Boredom can exacerbate disobedience. They were bred to dig into tunnels chasing after badgers, so they may be inclined to tear up your backyard to act on that instinct. They also love to bark. Puzzle toys can help keep Dachshunds from becoming destructive.
#8 – Welsh Terrier
Like many other breeds on this list, the Welsh Terrier was bred to hunt independently. Being bred to think for themselves, they aren’t too keen on listening to somebody else’s directions. Welsh Terriers have boundless energy and want to play all day long.

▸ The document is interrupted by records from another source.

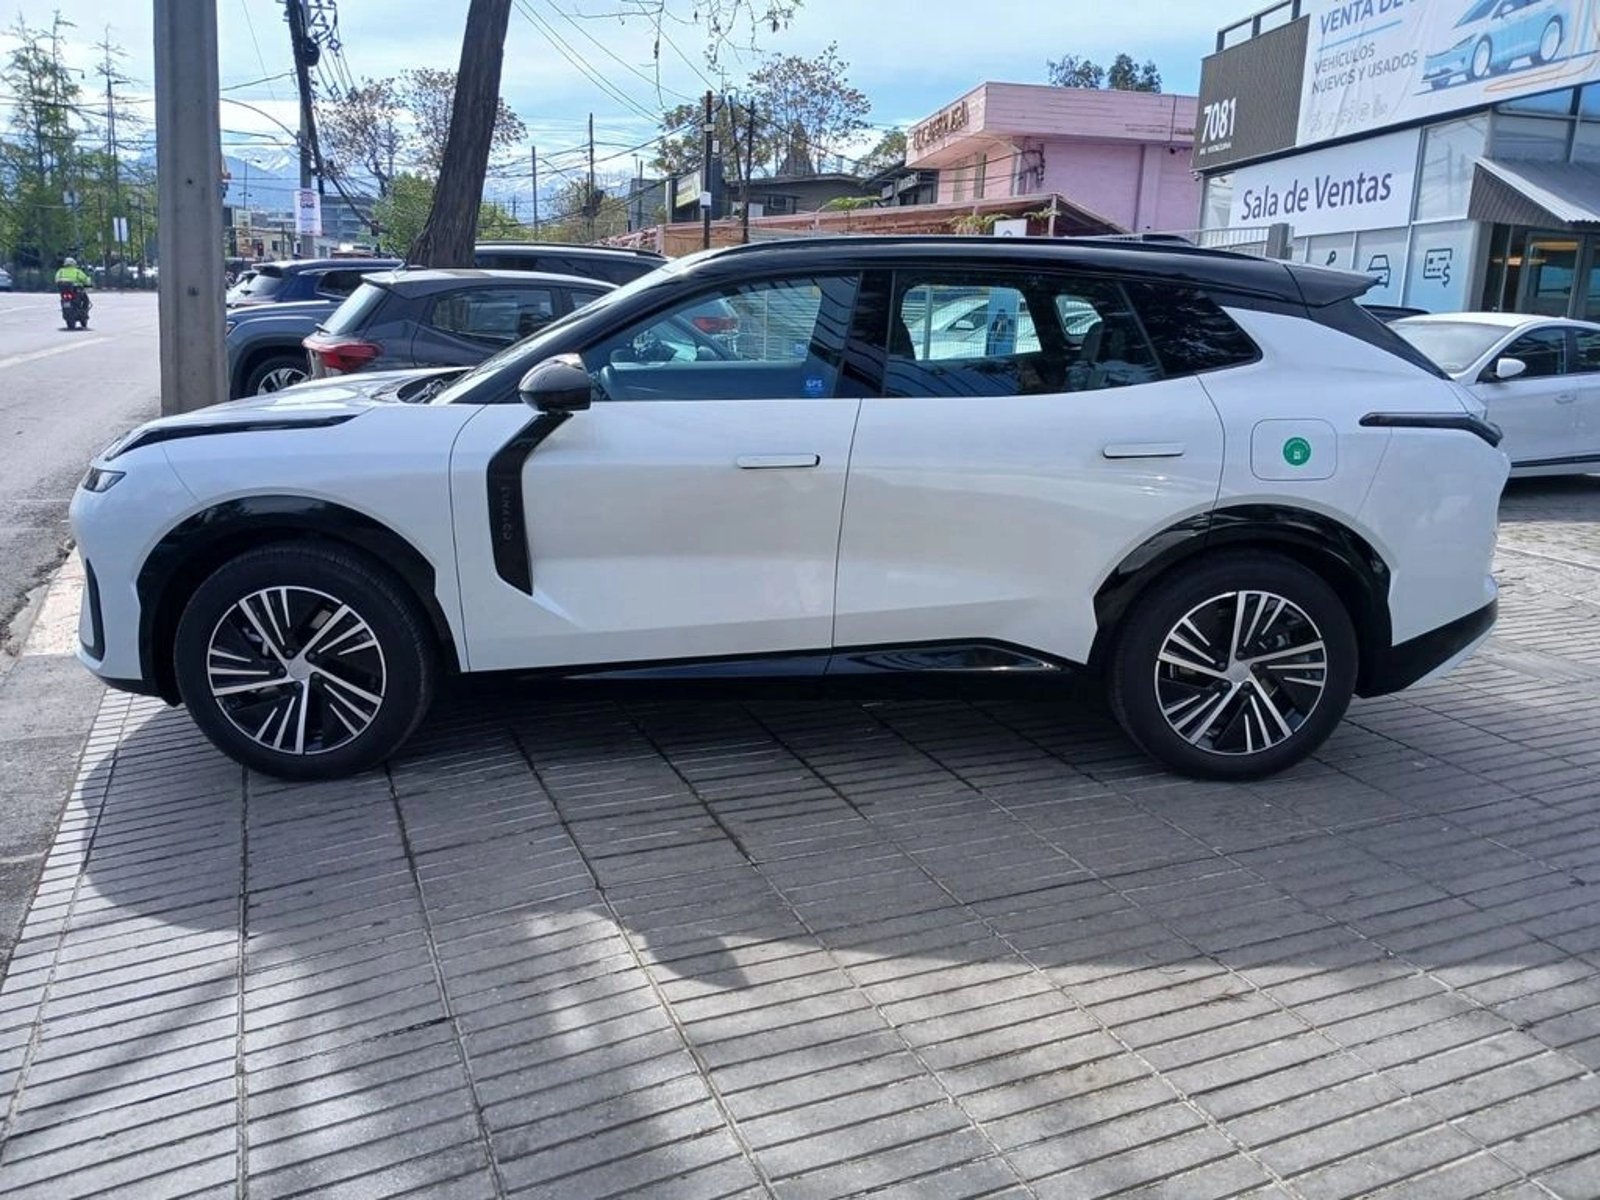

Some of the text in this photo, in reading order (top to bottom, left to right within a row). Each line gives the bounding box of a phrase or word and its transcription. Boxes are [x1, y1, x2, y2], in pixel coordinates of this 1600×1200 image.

[1321, 0, 1374, 35] VENTA
[1358, 66, 1366, 81] Y
[1367, 50, 1418, 78] USADOS
[1201, 97, 1236, 144] 7081
[1241, 171, 1393, 221] Sala de Ventas

They also love to solve puzzles, and if you don’t provide them with enough mental stimulation, that puzzle could be how to get into the trash or find your favorite article of clothing to destroy. Like a cat, Welsh Terriers like to be in high places like on top of tables and other furniture. They are also prone to barking and digging.
#9 – Borzoi
If you thought a dog bred to hunt wolves would have an independent attitude and not be inclined to obey humans, you would be right – and describing the Borzoi. Once called Russian Wolfhounds, the Borzoi will chase anything it can and doesn’t care much about following directions. According to the AKC:
“In their quiet, catlike way they can be stubborn, and training is best accomplished with patience, consistency, and good humor.”
Thanks to their strong need to chase things, they need to be kept on a leash or allowed to run in a well-fenced-in area. This isn’t the type of dog who will casually stroll next to you unleashed on a hike.
#10 – Beagle
Beagles were bred to follow their nose all day in pursuit of small game, so getting them to listen to your commands instead of their nose can be challenging. Their stubbornness and need to follow their nose requires creativity to train them.

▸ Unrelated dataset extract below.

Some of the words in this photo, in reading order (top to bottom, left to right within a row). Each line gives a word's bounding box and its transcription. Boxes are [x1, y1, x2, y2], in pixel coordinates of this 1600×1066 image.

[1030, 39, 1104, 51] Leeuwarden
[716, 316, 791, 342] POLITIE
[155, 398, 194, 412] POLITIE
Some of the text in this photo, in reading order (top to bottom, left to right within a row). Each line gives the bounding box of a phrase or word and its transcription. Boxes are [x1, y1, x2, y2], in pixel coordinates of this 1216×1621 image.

They were also designed to bay when on a hunt so that hunters could follow the sound of their pack of dogs when on a hunt, and your Beagle will not care what time of day it is if he sees something outside a window that he wants to chase. They need plenty of exercise to keep them from becoming destructive.
#11 – Siberian Husky
Stunningly beautiful, huskies are very popular dogs. Their beauty, however, is offset by extremely high intelligence and a free spirit. If you think your husky isn’t responding to training because they aren’t smart enough, think again! They require an extra persistent strategy for training.
#12 – Basset Hounds
Basset Hounds have many wonderful qualities, but many think they don’t rank too high on the intelligence scale. For that reason, while they can be very well behaved, they can be difficult to train.
#13 – Bull Terriers
Bull Terriers are a bred that requires firm training had and a lot of consistency. They will test you every chance they get! And with an adorable face like that, they might just get their way more often than not!

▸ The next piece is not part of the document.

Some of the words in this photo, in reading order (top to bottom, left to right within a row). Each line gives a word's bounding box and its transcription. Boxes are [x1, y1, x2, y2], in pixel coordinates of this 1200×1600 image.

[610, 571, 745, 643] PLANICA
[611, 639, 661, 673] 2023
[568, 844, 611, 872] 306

#14 – Old English Sheepdogs
These unique pups are known for their long, wild coats. While they are quite intelligent, this herding breed has a need for independence. You’ll need to show your assertiveness in your training program with them. However, once trained, Old English Sheepdog can be wonderful additions to your family.
#15 – Great Pyrenees
Great Pyrenees’ can be wonderfully loyal family dogs. However, if they sense any weakness in their owner, they are sure to take advantage.
#16 – Chihuahuas
Chihuahuas can sometimes be a challenge to keep well behaved. It’s often said that chihuahuas make great guard dogs because they’re always suspicious of strangers. However, this behavior can sometimes be problematic and it difficult to train them to accept certain people.